We need climate safe homes

As well as well-located housing, we need housing that is energy efficient and weather-proof. Another housing initiative is Climate Safe Homes which is addressing both policy change in construction standards and projects to demonstrate how to achieve better energy efficiency standards and to ensure better weather protection, especially from heatwaves, for low-income households.

Grant partner Renew, is working on policy change and has built a national coalition of more than 65 organisations to advocate for improved minimum energy performance and climate resilience of Australian homes in the National Construction Code, which will benefit more than 50 per cent of houses by 2050.  The Foundation funded a new website and is continuing to support this work.

Building our community’s climate resilience

The health impacts of climate change on Melbourne are already being felt. The two worst heatwaves on record occurred during the Australian Summers of 2009 and 2014 and in January 2019, Australia recorded its hottest-ever month on record.1

We initiated the HotSpots program three years ago with three community organisations working with vulnerable populations (culturally diverse and older people) in disadvantaged areas and heat vulnerable areas of Melbourne. We applied the Monash University Heat Vulnerability Index which overlaid data on temperature in suburbs with socio economic factors to identify the pilot sites. The community service organisations are supporting older people to connect with a local support person who will assist them during a heatwave to get to somewhere safe and are developing increased access to cooler public places as well as creating peer-to-peer support networks for young people. This includes working with other stakeholder groups such as businesses and religious groups.

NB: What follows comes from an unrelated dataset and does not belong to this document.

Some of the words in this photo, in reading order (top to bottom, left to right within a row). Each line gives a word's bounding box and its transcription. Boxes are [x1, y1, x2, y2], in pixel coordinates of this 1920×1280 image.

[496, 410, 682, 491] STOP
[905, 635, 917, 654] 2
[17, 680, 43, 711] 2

This project has now expanded to two more sites and we are also funding a Melbourne wide project identifying other high risk heatwave sites across Melbourne. This can be scaled-up further. The overlap between suburbs which are socially disadvantage and vulnerable to heat is stark in Melbourne. The Hot Spots experience was shared internationally via F20.  

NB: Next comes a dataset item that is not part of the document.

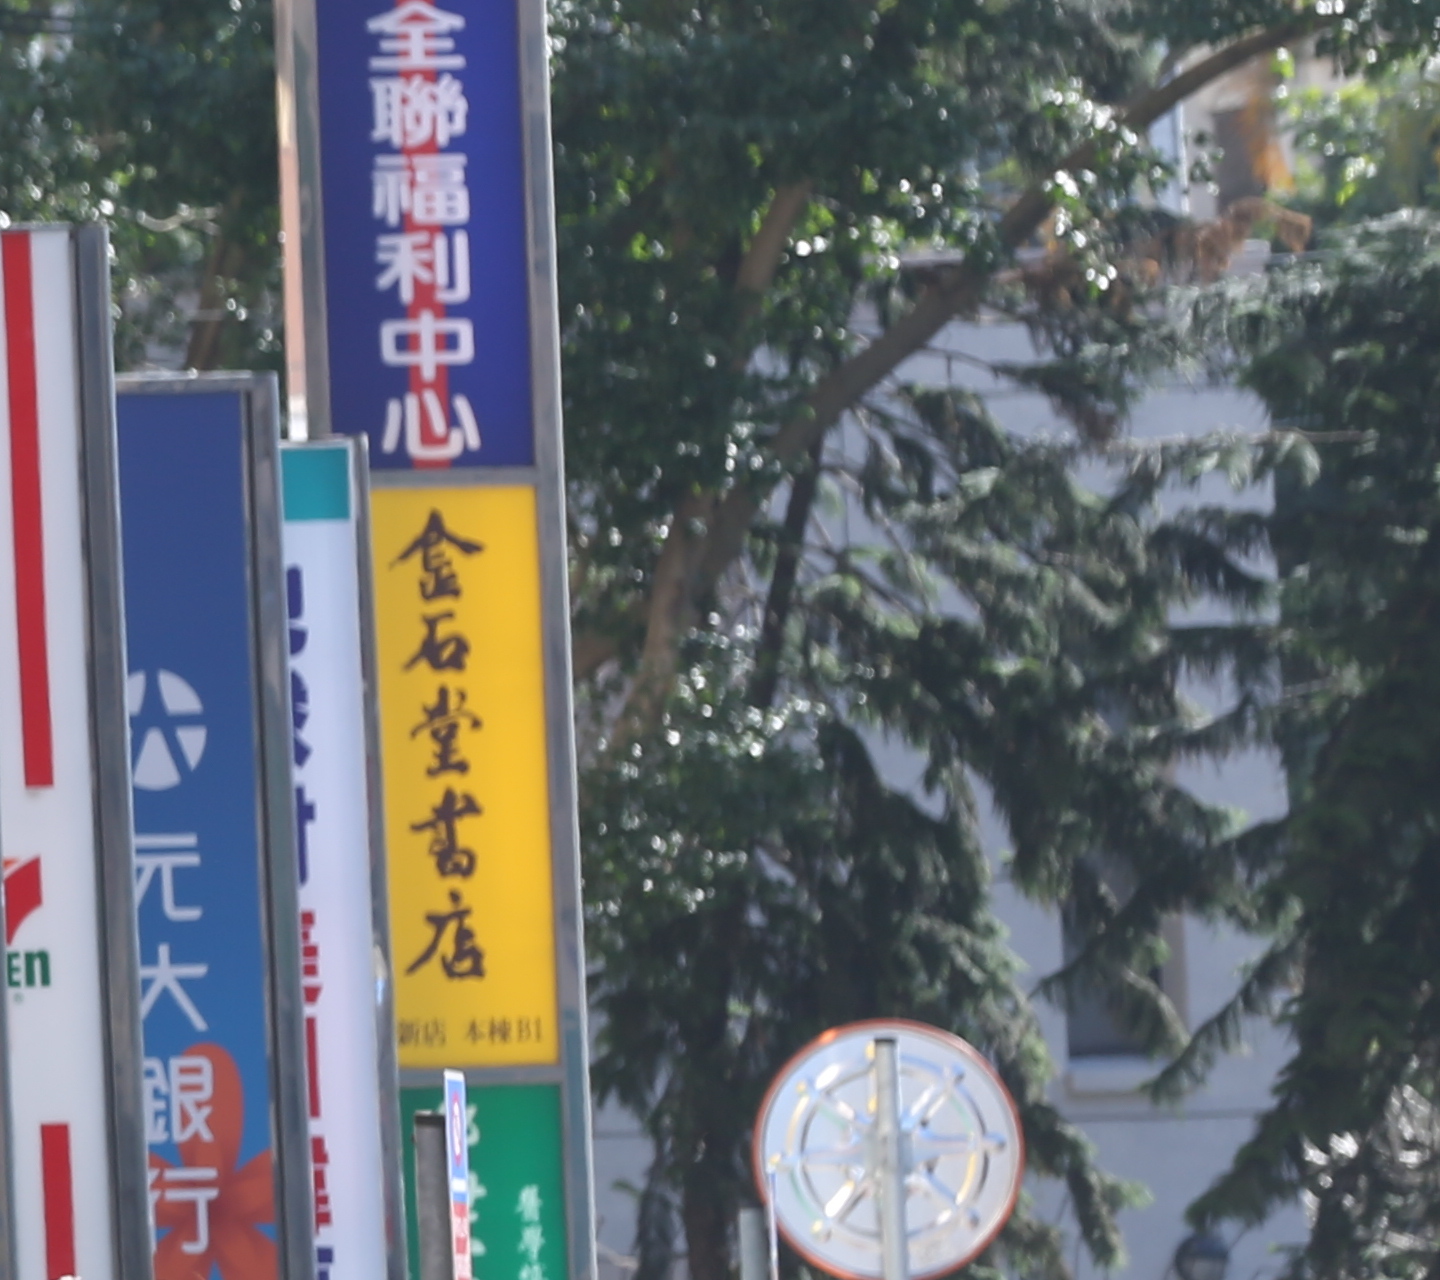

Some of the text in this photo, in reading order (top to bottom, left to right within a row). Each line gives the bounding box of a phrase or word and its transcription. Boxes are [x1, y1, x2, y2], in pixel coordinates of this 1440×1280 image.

[366, 0, 481, 461] 全聯福利中心
[388, 508, 485, 982] 金石堂書店
[133, 832, 219, 1255] 元大銀行

We have just kicked off a Climate Resilience in the West initiative with key partners to go deeper in this work. The Collaborative will house information for community groups wanting to work on community led climate resilience. We will have more to say on this as the Hub is created.

We recognise the importance of civic participation in building resilience

Regen Melbourne is a network of more than 60 organisations and 900 individuals exploring a regenerative future for our city. Over the last six months they have begun a community engagement process that has led to the report Towards a Regenerative Melbourne. Utilising the Doughnut Economics City Portrait methodology developed by Dr Kate Raworth, Regen examines the city’s ecological ceiling and social foundations, together with this unique community engagement process, they have developed a new compass for Melbourne and the process continues to grow. Anyone can join the conversation online and access interesting resources and reports.

Antonio Guterres, Secretary General of the United Nation, said: “Cities are where the climate battle will largely be won or lost.”  Lord Mayor’s Charitable Foundation is committed to playing our part in winning this battle.
 
Dr Catherine Brown OAM
Chief Executive Officer



1 Victoria, Heatwaves and Climate Change, Environment Victoria; Bureau of Meteorology, Melbourne.